(Dataset records)
════════════════

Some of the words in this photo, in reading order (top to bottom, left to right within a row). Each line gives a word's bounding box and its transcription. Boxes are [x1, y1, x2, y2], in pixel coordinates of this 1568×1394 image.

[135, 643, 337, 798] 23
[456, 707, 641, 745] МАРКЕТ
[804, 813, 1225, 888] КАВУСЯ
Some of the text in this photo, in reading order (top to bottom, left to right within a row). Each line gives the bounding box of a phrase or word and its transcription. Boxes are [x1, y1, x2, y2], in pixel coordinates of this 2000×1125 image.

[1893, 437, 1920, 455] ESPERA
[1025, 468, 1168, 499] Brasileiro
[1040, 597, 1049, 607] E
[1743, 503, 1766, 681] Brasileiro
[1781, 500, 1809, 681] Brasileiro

════════════════

• [How to complete this task]:
Copy out each line of the data exactly.

• [Solution to the problem]:
Some of the words in this photo, in reading order (top to bottom, left to right within a row). Each line gives a word's bounding box and its transcription. Boxes are [x1, y1, x2, y2], in pixel coordinates of this 1568×1394 image.

[135, 643, 337, 798] 23
[456, 707, 641, 745] МАРКЕТ
[804, 813, 1225, 888] КАВУСЯ
Some of the text in this photo, in reading order (top to bottom, left to right within a row). Each line gives the bounding box of a phrase or word and its transcription. Boxes are [x1, y1, x2, y2], in pixel coordinates of this 2000×1125 image.

[1893, 437, 1920, 455] ESPERA
[1025, 468, 1168, 499] Brasileiro
[1040, 597, 1049, 607] E
[1743, 503, 1766, 681] Brasileiro
[1781, 500, 1809, 681] Brasileiro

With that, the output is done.